Und das nächste Abenteuer ist auch schon in Sicht: Alexander Knappe moderiert die wöchentliche Musiksendung „Die Knappe Stunde“ im BB Radio und veranstaltet regelmäßige Events in seiner Heimatstadt Cottbus. Momentan arbeitet er an seinem neuen, noch unbetitelten Album, das für Anfang 2021 geplant ist.

Single Press Release

Eine Hymne auf das Loslassen

 

„Alles geht vorbei, aber alles hat seine Zeit.“ Mit diesen Worten singt Knappe in seiner am 06.11.2020 erscheinenden Single „Alles geht vorbei“ gegen das Vergessen an. Der 35-jährige hat in seinem Leben schon viel erlebt. Höhen wie Tiefen. Vergessen will er aber beides nicht. Sie lieber akzeptieren und dankbar sein. Aus diesem Grund haben seine Worte Gewicht, wenn er singt: „Die besten Dinge passieren meistens, wenn man grad nicht danach sucht.“

 

„Auch schwere Momente gehen vorbei. Und rückblickend sind das manchmal sogar die schönsten“, sagt der Berliner Sänger und Songwriter. Worte in denen naturgemäß eine gewisse Melancholie und Nostalgie mitschwingt, die sich aber im Blick auf das Hier und Jetzt in eine lebensbejahende Botschaft wandeln. Lebe im Moment, genieße jede Erfahrung, sei sie erfreulich oder mühevoll und vergiss dabei niemals: Ohne Gestern kein Morgen - das hoffnungsvolle Credo von „Alles geht vorbei“.

 

Hier singt einer vom Erwachsenwerden, der ganz genau weiß, was das bedeutet. Vergangenheit und Geschichte ist das, was einen jeden Menschen ausmacht. So auch Alex Knappe. Von einer vielversprechenden Fußballerkarriere, die durch eine schwerwiegende Verletzung frühzeitig beendet wurde über eine buchstäbliche Dienstverweigerung bei X-Faktor bis hin zu Platz 6 der deutschen Album Charts - Alex Knappe hat Erfolg und Enttäuschung am eigenen Leib erfahren.

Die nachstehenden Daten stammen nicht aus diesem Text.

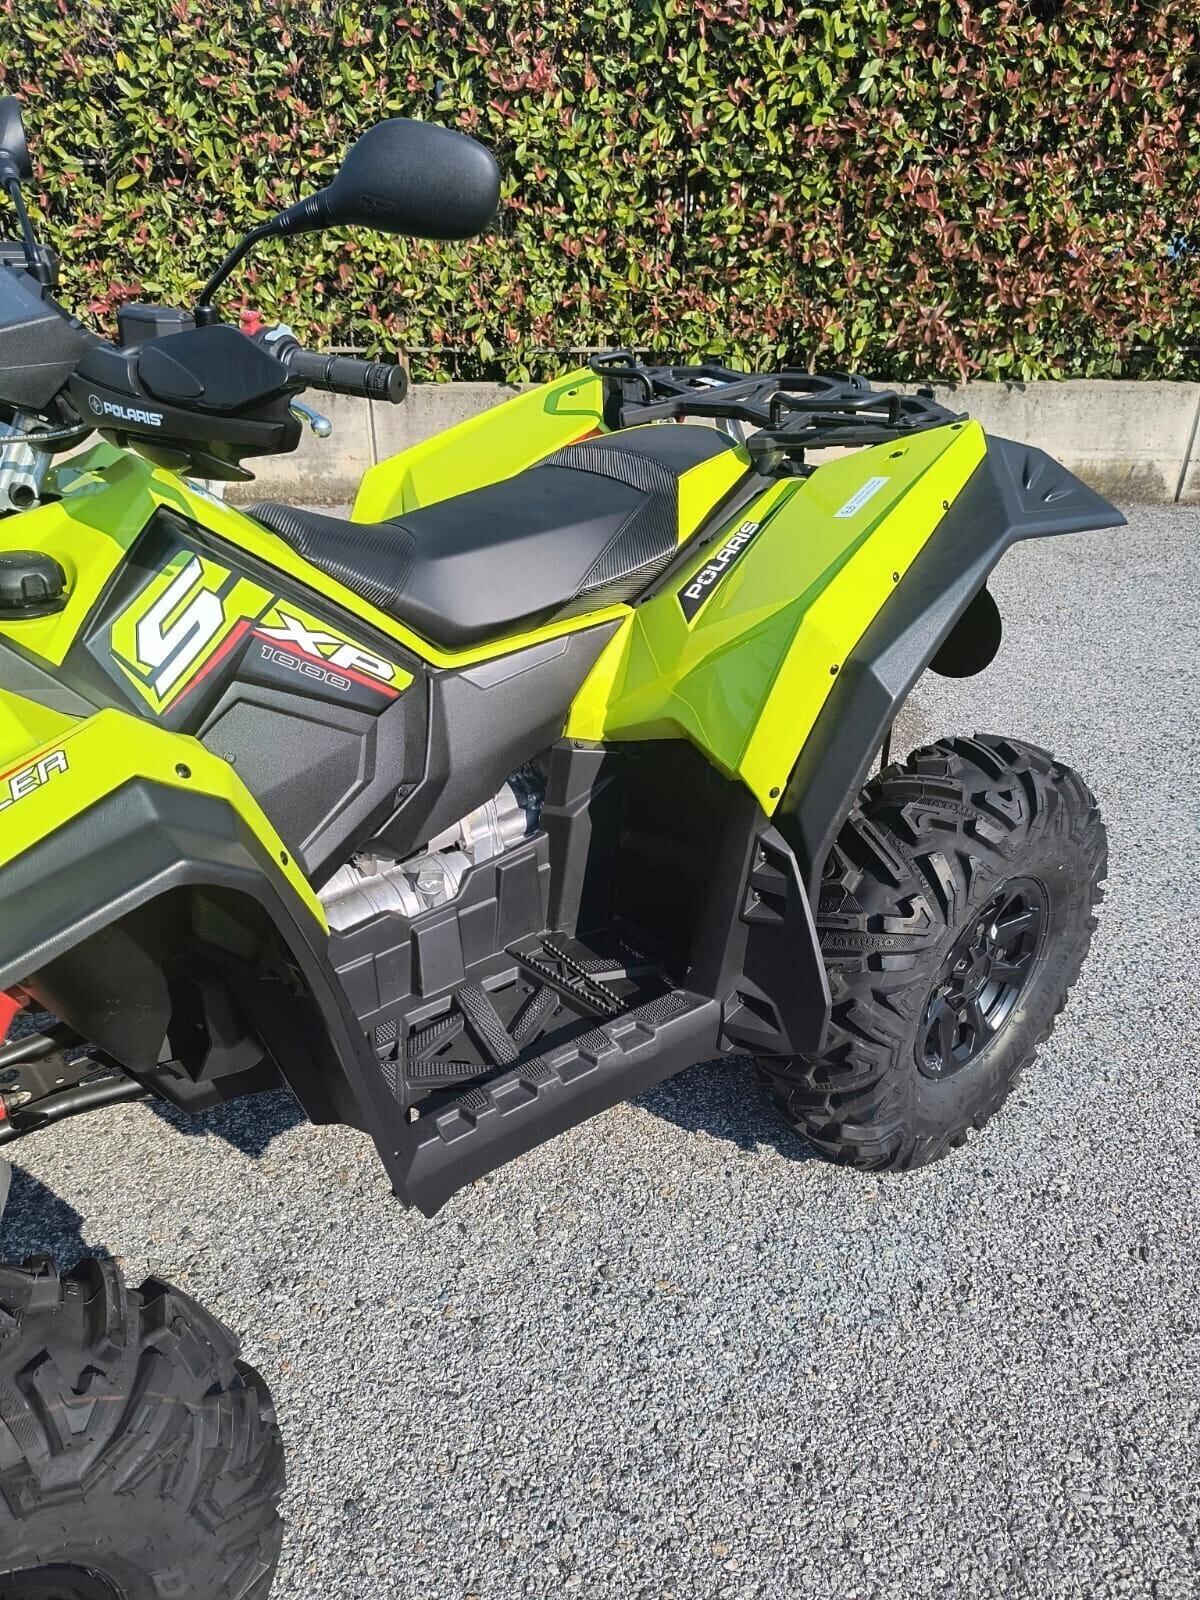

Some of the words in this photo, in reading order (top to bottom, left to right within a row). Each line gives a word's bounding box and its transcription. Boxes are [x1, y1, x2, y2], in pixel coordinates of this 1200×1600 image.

[103, 401, 163, 427] POLARIS
[684, 520, 760, 600] POLARIS
[254, 607, 396, 682] XP
[261, 645, 351, 691] 1000
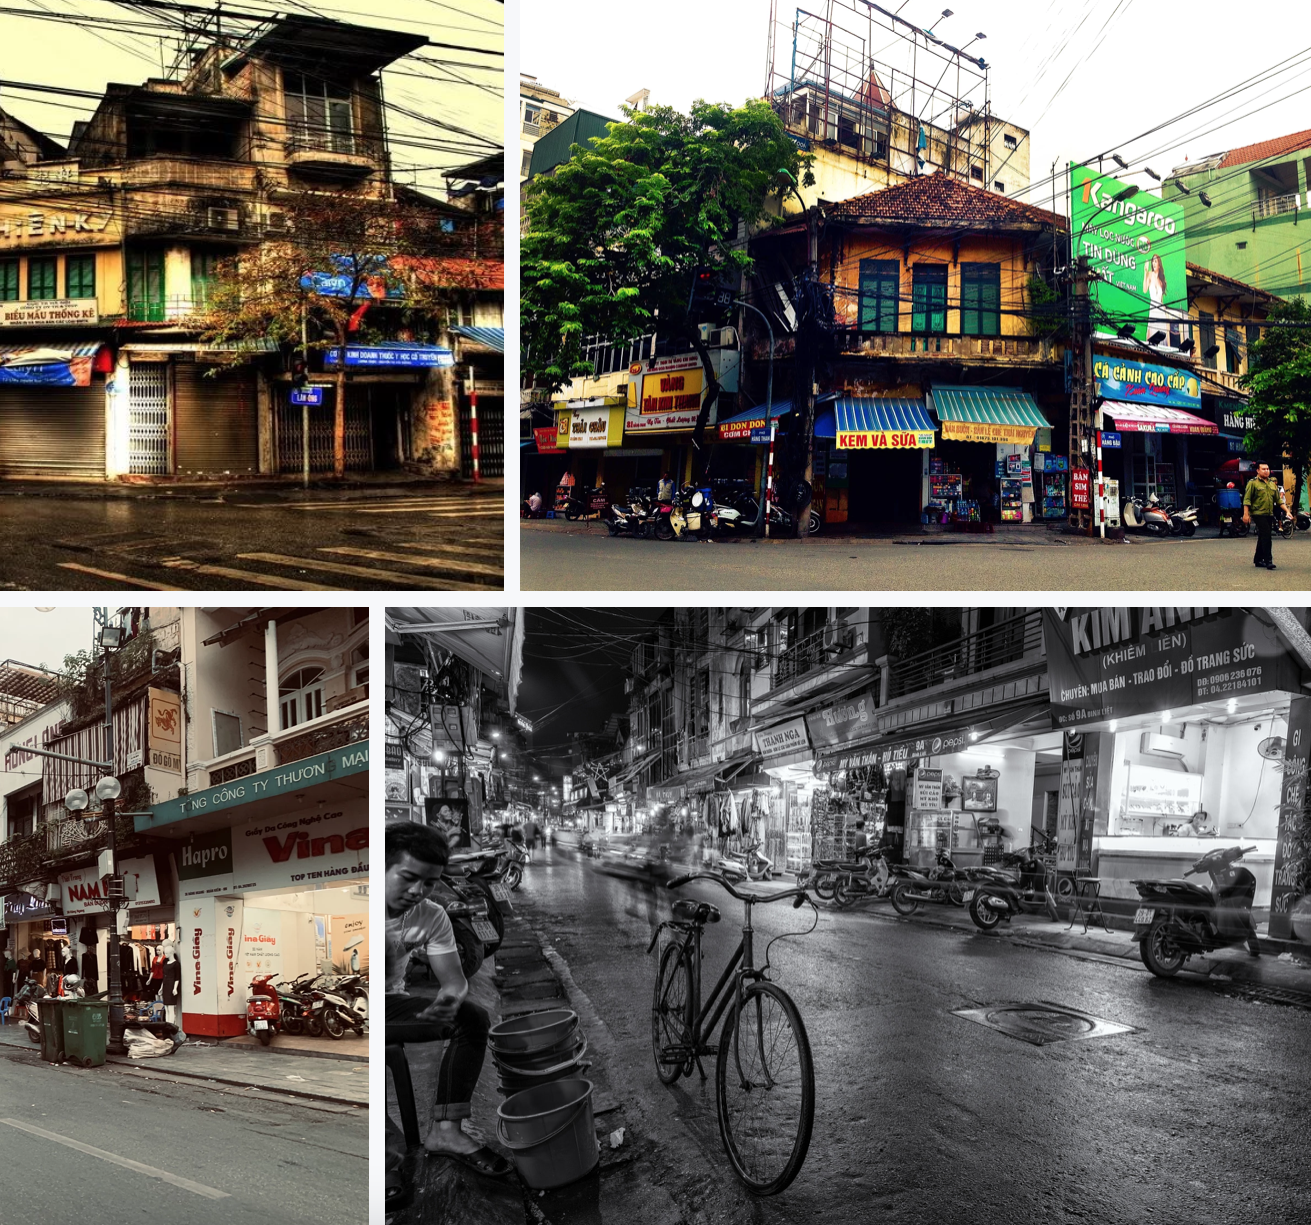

Aber ohne Einschnitte in die persönliche Erfolgslaufbahn, davon ist er überzeugt, wäre er nicht da, wo er jetzt ist: „Jeder Mensch hat seinen Rhythmus in dem er so vor sich hinlebt. Krisen sind dafür da daran etwas zu verändern und die Zeit zu nutzen um gestärkt aus ihr hervor zu gehen. Stillstand ist niemals gut und man muss im Leben auch Fehler machen können“. In seiner mitreisenden Pop Hymne bringt er diese Lebensweisheit sowohl inhaltlich als auch musikalisch auf den Punkt.

 

Vor allem in diesem bemerkenswerten Jahr 2020 eine Botschaft, die gehört werden will. Dabei ist der Song schon im Januar und somit entstanden bevor die Corona Pandemie bei uns so richtig losging. Ein Fakt, der wie eine eingebaute Bestätigung für die Grundaussage von „Alles geht vorbei“ daherkommt: Krisen sind so alt wie die Menschheitsgeschichte und daran wird sich auch in Zukunft nichts ändern. Wie wir die Krise in der Gegenwart erleben und damit umgehen wird entscheiden, ob wir in Zukunft gestärkt aus ihr hervorgehen. Und genau darauf kommt es an. Sowohl persönlich, als auch gesellschaftlich.